Growth is stalled…is Sales or Product the problem?

Adam Judelson
4 min readJul 11, 2022

When revenue or customer growth is less than stellar, I frequently get asked who’s responsible: the sales team or the product team. The short answer is that if these two functions are so disconnected that they cannot figure it out together, there are bigger problems afoot, but the question is still a great one because diagnosing the answer requires a precision understanding of what’s working in the market. Understanding that diagnosis is the key to unlocking growth regardless of whose responsibility it is to fix it.

Here is a summary of how I think about this. Product is the problem if the value the product provides does not solve the customer’s pain, or if that problem isn’t valuable enough to warrant the solution. Sales is the problem if the product solves the pain but the customer still doesn’t buy. Marketing is the problem if sales isn’t talking to the would-be buyers.

Let’s break each of these failure modes down in more detail with examples. Evernote is a helpful tool for organizing notes, tasks, and schedules. That’s a problem I have a need to solve, and one that’s large enough for me to spend $9.99/month to not worry about anymore.
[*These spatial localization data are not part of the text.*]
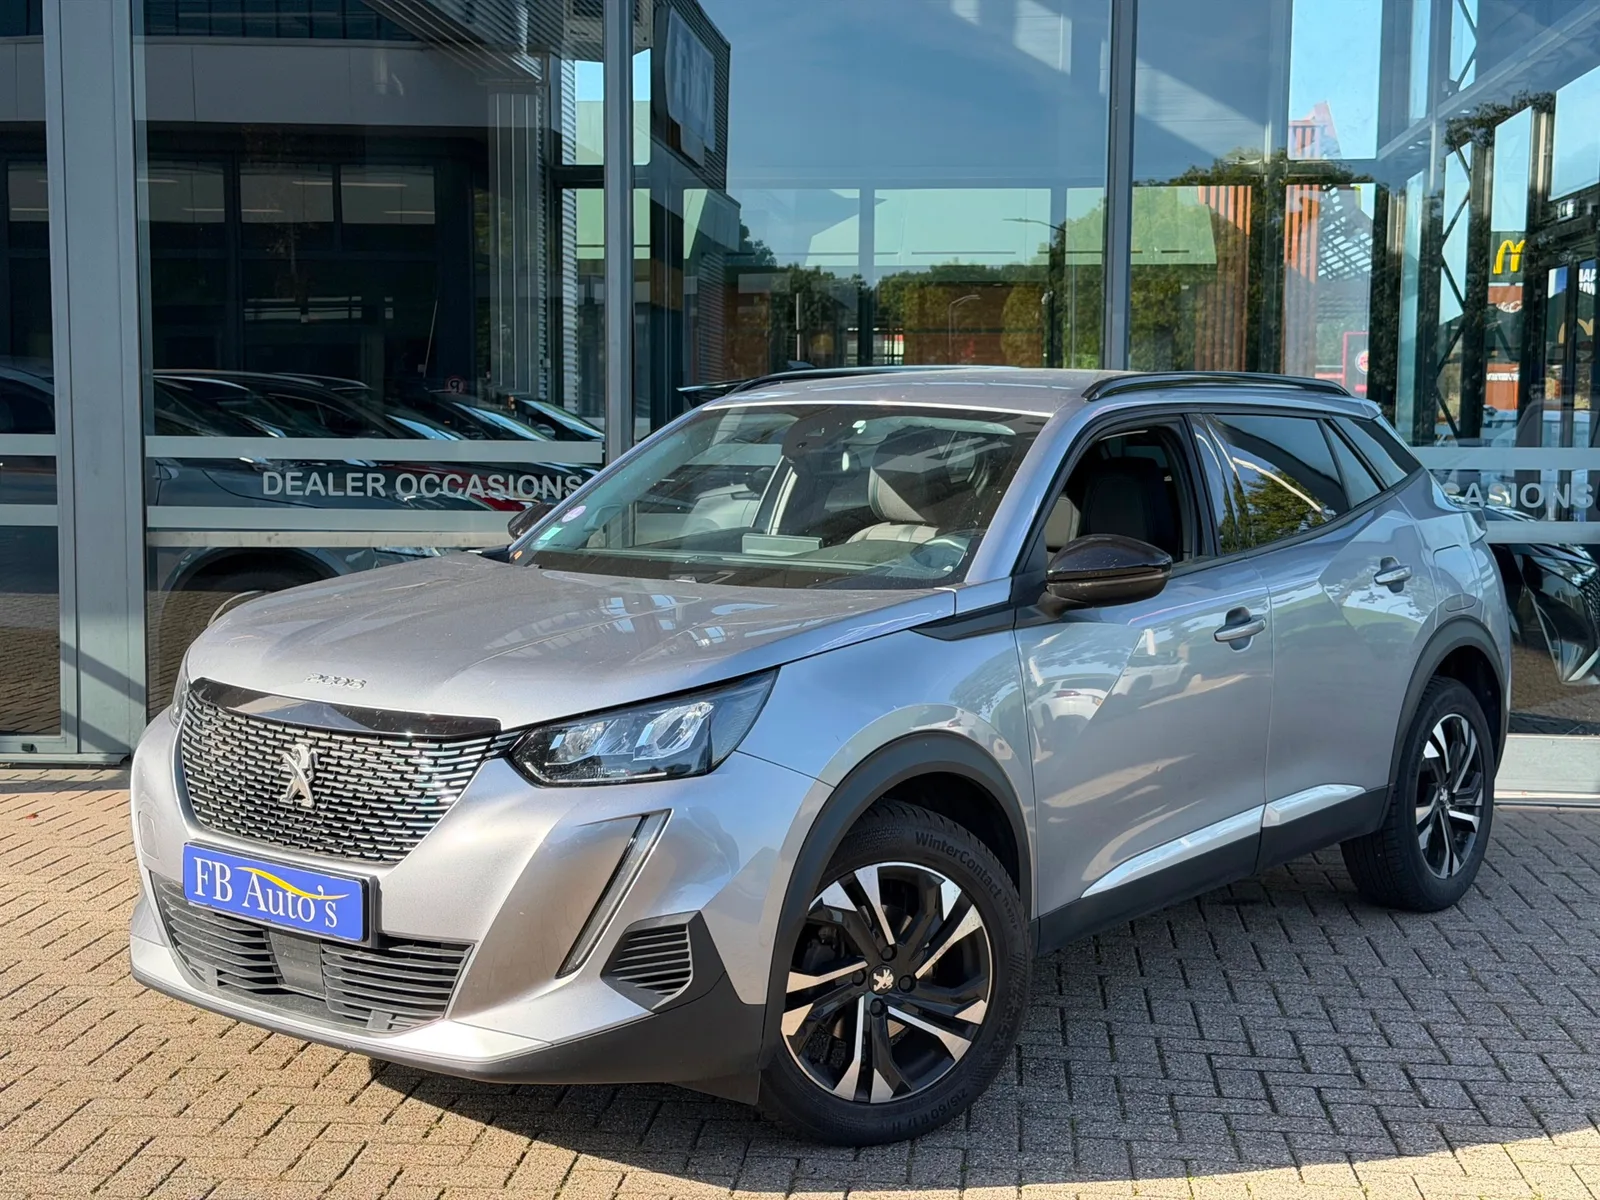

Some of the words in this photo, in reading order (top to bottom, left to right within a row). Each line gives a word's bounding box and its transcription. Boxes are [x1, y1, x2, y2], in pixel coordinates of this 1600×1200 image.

[262, 471, 386, 497] DEALER
[395, 472, 583, 500] OCCASIONS
[193, 857, 232, 902] FB
[241, 872, 338, 929] Auto's
[915, 831, 1003, 899] WinterContact
It’s the reason that I initially became an Evernote customer, but once Quip and Notion and Coda came to market, I quickly abandoned Evernote. The reason I dropped the product was simple — Evernote’s syncing feature across devices constantly led to errors, notes overwritten, and strange user behaviors in which duplicate text would get inserted into documents due to version mismatches. One of the core value propositions is that I should have been able to “work anywhere,” but the truth is, I couldn’t. Evernote had a serious product problem because its offering didn’t live up to the expectations around the problem it was attempting to solve. It didn’t deliver enough value in an area that mattered. So what if I could connect my Google Calendar and create recurring tasks if I couldn’t keep my notes synced across devices. This was a product problem.
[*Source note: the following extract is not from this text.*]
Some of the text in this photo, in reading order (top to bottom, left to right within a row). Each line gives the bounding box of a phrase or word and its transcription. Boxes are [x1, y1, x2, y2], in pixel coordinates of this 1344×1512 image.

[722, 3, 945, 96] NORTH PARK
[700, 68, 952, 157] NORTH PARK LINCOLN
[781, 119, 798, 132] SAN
The challenge migrates into sales’ territory when the product solves the customer’s problem but customers won’t buy or won’t buy fast enough or in sufficient numbers. In the early days at Palantir, we were able to be very honest with ourselves about sales challenges because for years we did not hire people with sales backgrounds, so there were no bruised egos when we would reflect on deal progress. The numbers easily told us the story. Some deals would close rapidly while others might take years. The customer types were roughly the same, the product deployed to them was the same, and the customer problems were the same — the difference was in how the sales were executed and the environments surrounding the sales. Deals moved faster when there was a strategic risk to an organization, when the organization adopted technology more readily, when a great champion existed inside the organization, and when end-users doing the work got an opportunity to try the product and see what sorts of wins they could produce in advance of a full engagement. Identifying and cultivating these factors was the job is sales, or in Palantir’s case, any of us who regularly engaged with customers. The difference between deals that moved quickly and closed and ones that didn’t, in essence, was any one individual’s ability to pattern match on these environmental variables and create these facts on the ground, something the product itself couldn’t directly impact (note: there are exceptions here for product-led growth strategies and viral adoption across businesses). Unlocking higher velocity deals fundamentally was a sales challenge, namely finding the right people to do that job and figuring out who should not.

For the marketing challenge, I’ll critique my newest venture, NetworkNerd, an app that tracks context from your relationships and reminds you to stay in touch. NetworkNerd has identified a real problem for people — namely our inability to remember to keep in touch and our lossy memories which deprive us of information like our friend’s kid’s names and other hard to remember context. The app solves this problem for the subset of the population willing to type these notes into an app, and we have sold successfully to those users. However, out of an ocean of people who might care, we have struggled to discover how to reach the set of people who do, and often we need to invest more time into explaining what the app really does. These are marketing challenges.

Certainly none of these categories are pure, and plenty of cross-over exists, which is why our first piece of advice is to make sure these disciplines are collaborating at a deep level. For example, NetworkNerd could also accelerate growth by adding more automation to alleviate the user pain of not wanting to manually enter notes — but crucially, this would unlock a new part of the market, not solve the problem of selling into the piece that is willing to tolerate manual data entry. Evernote might be able to paper over the syncing challenges by reducing the emphasis on seamless syncing across devices, and Palantir could have (and did) continued to invest in the product to tackle a broader set of use cases that ultimately shortened sales cycles greatly for all players, not just the sales Top Gun’s.

As with any startup challenge, a crisp understanding of exactly what isn’t working makes all the difference in finding the solution.